Over the past couple of years increasing numbers of universities across Europe and the US have set up web-based resources known as Massive Open Online Courses (MOOCs). These MOOCs make recorded lectures, course materials and academic discussion forums freely available to anyone who wants to use them.

But in Uganda, this comes with the realisation that National Council of Higher Education has started accrediting institutions; which run such online programs.

Some universities use free courses not only as a shop window for the other courses they offer, but also as a way of sharing good practice with other institutions, experimenting with new technology and of seeing what does and does not work in distance education.

This is important because the availability of higher bandwidths and progress in developing effective systems of online assessment, combined with increasing demand, means that paid-for distance learning is also booming.

According to the Higher Education Statistics Agency, the number of distance learning students registered at UK institutions grew from 238,800 in 2006/07 to 271,445 in 2010/11.

Bricks and mortar universities no longer have the capacity to deal with the number of students there are going to be in future, so online learning has to be the way to go.

Apart from inadequate staff, there is a serious problem of deteriorating physical infrastructure in most universities, especially public ones; due to the exploding enrolment in universities. The rapid enrolment is not matched a corresponding increase in physical infrastructure.
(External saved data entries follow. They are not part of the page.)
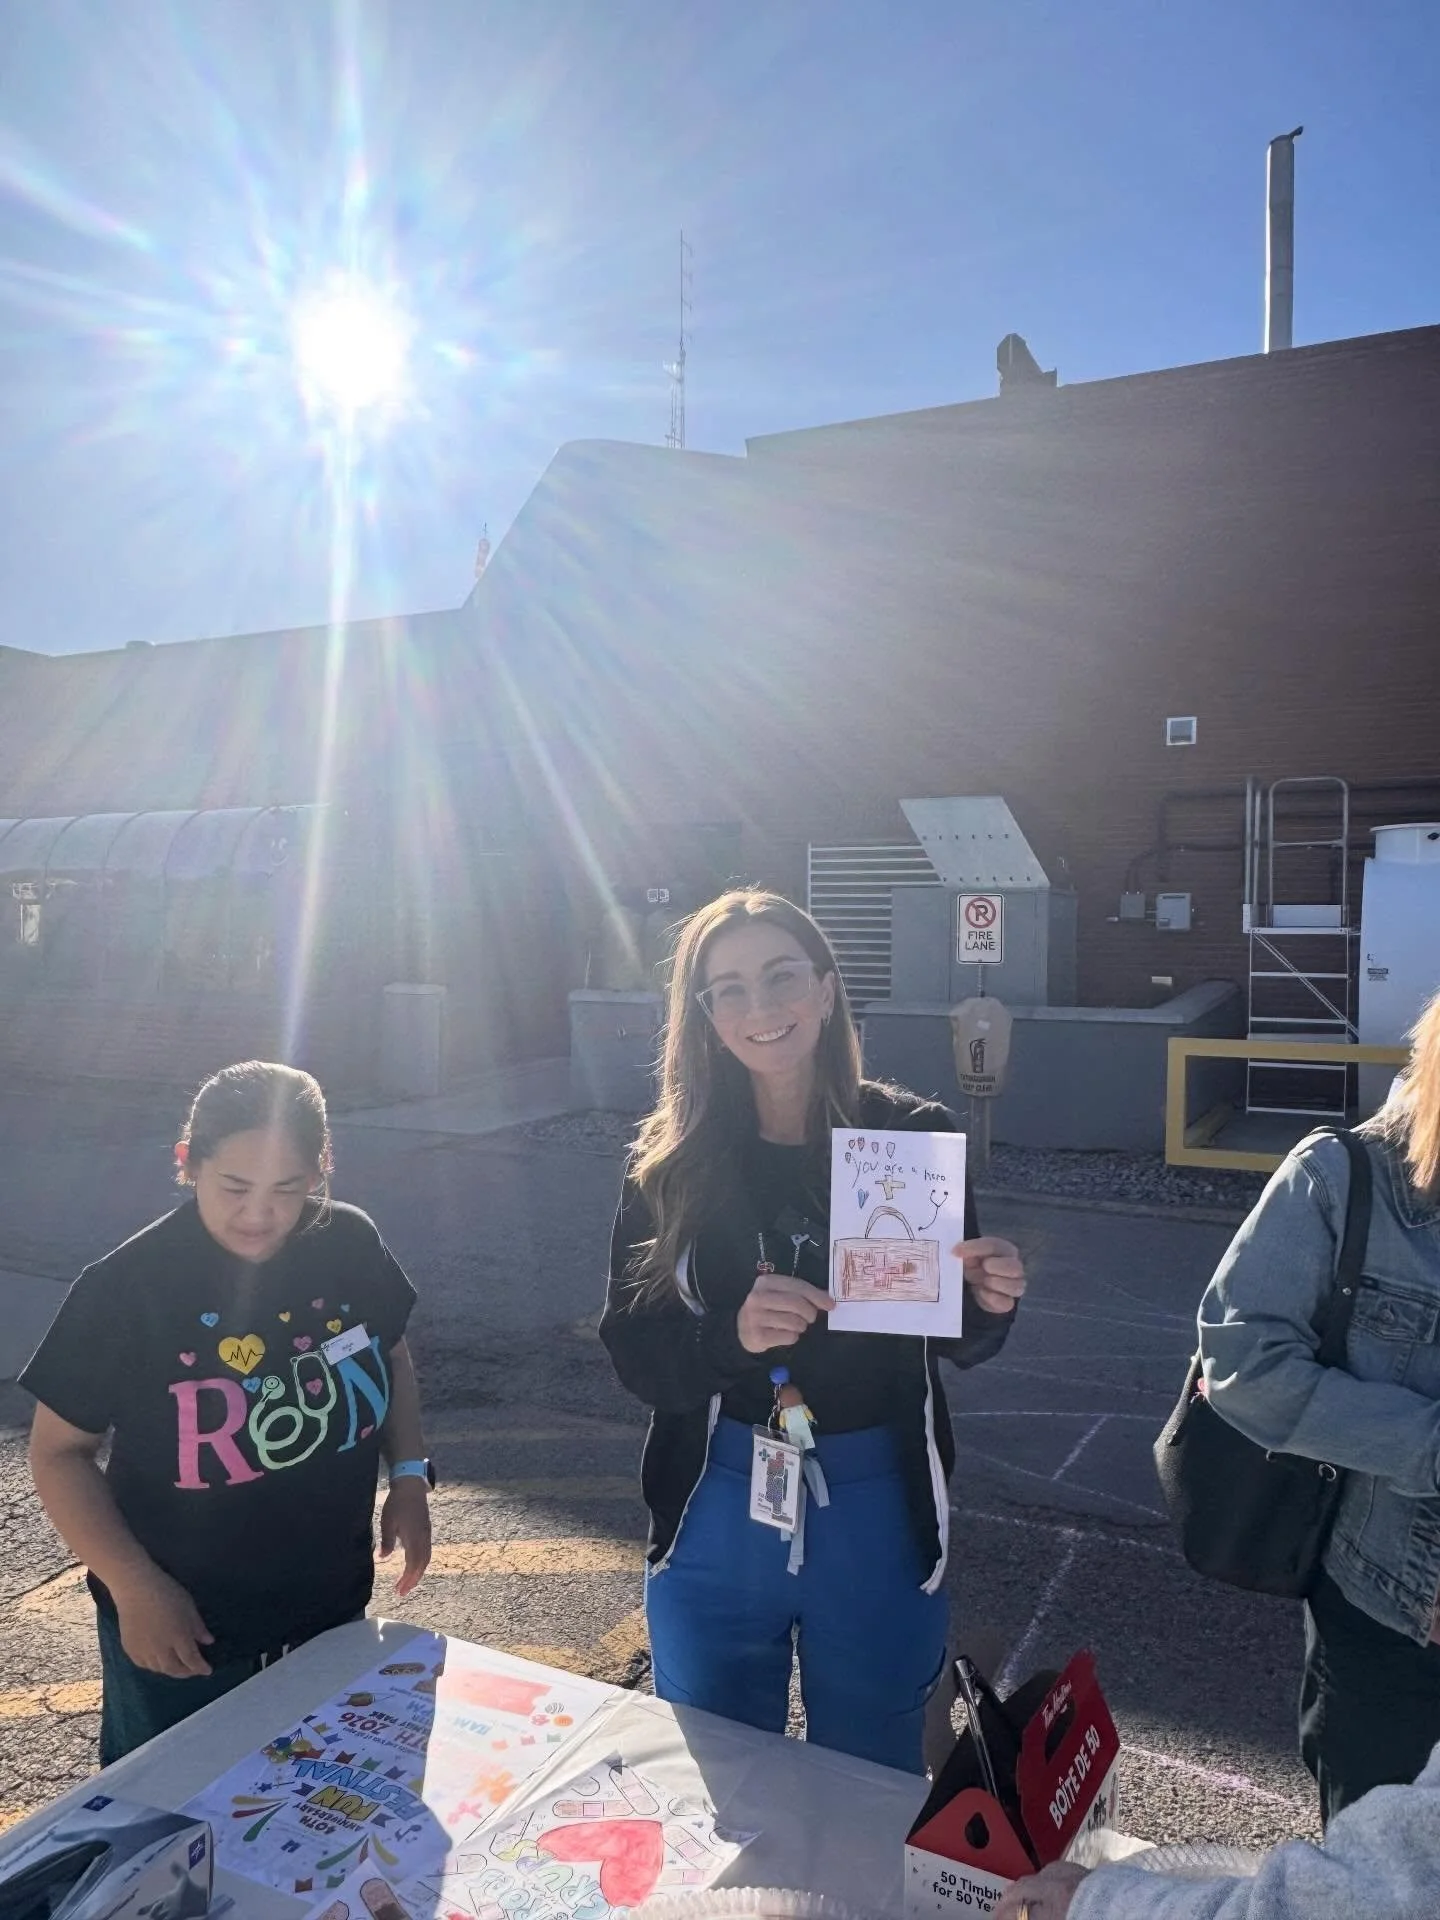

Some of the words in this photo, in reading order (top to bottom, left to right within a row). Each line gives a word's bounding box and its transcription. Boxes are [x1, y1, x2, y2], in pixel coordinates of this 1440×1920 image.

[964, 941, 997, 951] LANE
[967, 930, 994, 941] FIRE
[884, 1163, 904, 1175] are
[924, 1169, 946, 1182] hero
[337, 1711, 390, 1737] 2026
[393, 1728, 429, 1753] TH
[290, 1759, 428, 1821] FESTIVAL
[1048, 1766, 1081, 1830] BOÎTE
[1073, 1744, 1091, 1780] DE
[1084, 1724, 1101, 1757] 50
[308, 1785, 381, 1822] FUN
[292, 1802, 364, 1832] ANNIVERSARY
[941, 1871, 957, 1886] 50
[932, 1881, 953, 1898] for
[956, 1890, 972, 1905] 50
[976, 1897, 995, 1912] Ye
The most recent studies show that the lecture rooms/student ratio for Makerere is 0.32sq.m; 1.81sq.m for Kyambogo; 1.85sq.m for MUST; and 1.26sq.m for Gulu. MUBS is at 0.23sq.m.But all these fall short of the NCHE ideal of 2.5sq.m per student; implying all the universities have terribly congested lecture rooms.

Dr John Muyingo, the state minister for higher education says that online degrees are increasing in the fast evolution of the information, communication and technology. He explains that the advantage of doing an online degree, is keeping your job as you study compared to the traditional methods where enrolling for studies may impact negatively on someone’s work.
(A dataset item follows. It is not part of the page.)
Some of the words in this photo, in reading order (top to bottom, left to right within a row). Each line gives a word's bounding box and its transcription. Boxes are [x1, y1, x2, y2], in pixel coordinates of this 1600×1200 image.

In Uganda, we have some online courses that are affiliated by learning partners abroad. But, not all of them have foreign affiliations.

One of the online degree producers in Uganda include Management and Accountancy training (MAT) in Uganda; which offers three online degree programmes which provide a great flexibility for students who want to do the degree at their own terms.

“By choosing to go to study online other than having contact with lecturers, you will be allowed to do a degree on your terms,” explains Jeff Thompson, the Managing Director of MAT. Usually, the courses are formulated in a module, which means you can undertake a given number of modules at a time, till you graduate. For every level that you finish, you get a certificate or a diploma like in the case of MAT.

Those who have objected to the idea of online degrees say that there is less personal interaction with the lecturers, as compared to the traditional way of university teaching. There is a myth that since you are not required to be on campus, online students may feel disconnected from their own institutions. This would include missing out on on-campus activities and campus associations.

However, Jean Katongole, the head of administration at MAT explains that that the world is changing; which may necessitate people working while studying.

So an online degree provides for them an ability to juggle between studies and their work. Doing an online course with an approved learning partner usually links students. For instance, on completion of the degree, students who can afford travel to abroad to attend their graduation ceremonies. However, even those who cannot attend the ceremonies, get their qualification papers delivered to them.

Dr Muyingo advises that whoever is looking for an online degree should do so in a field that is not highly practical. For example, some medicine degrees may require students to go to campus and participate in the practical aspects of the course.

If students cannot afford being at campus physically, they drop out, after wasting so much money. “There needs to be guidance before people can embark on any online degrees,” he advises.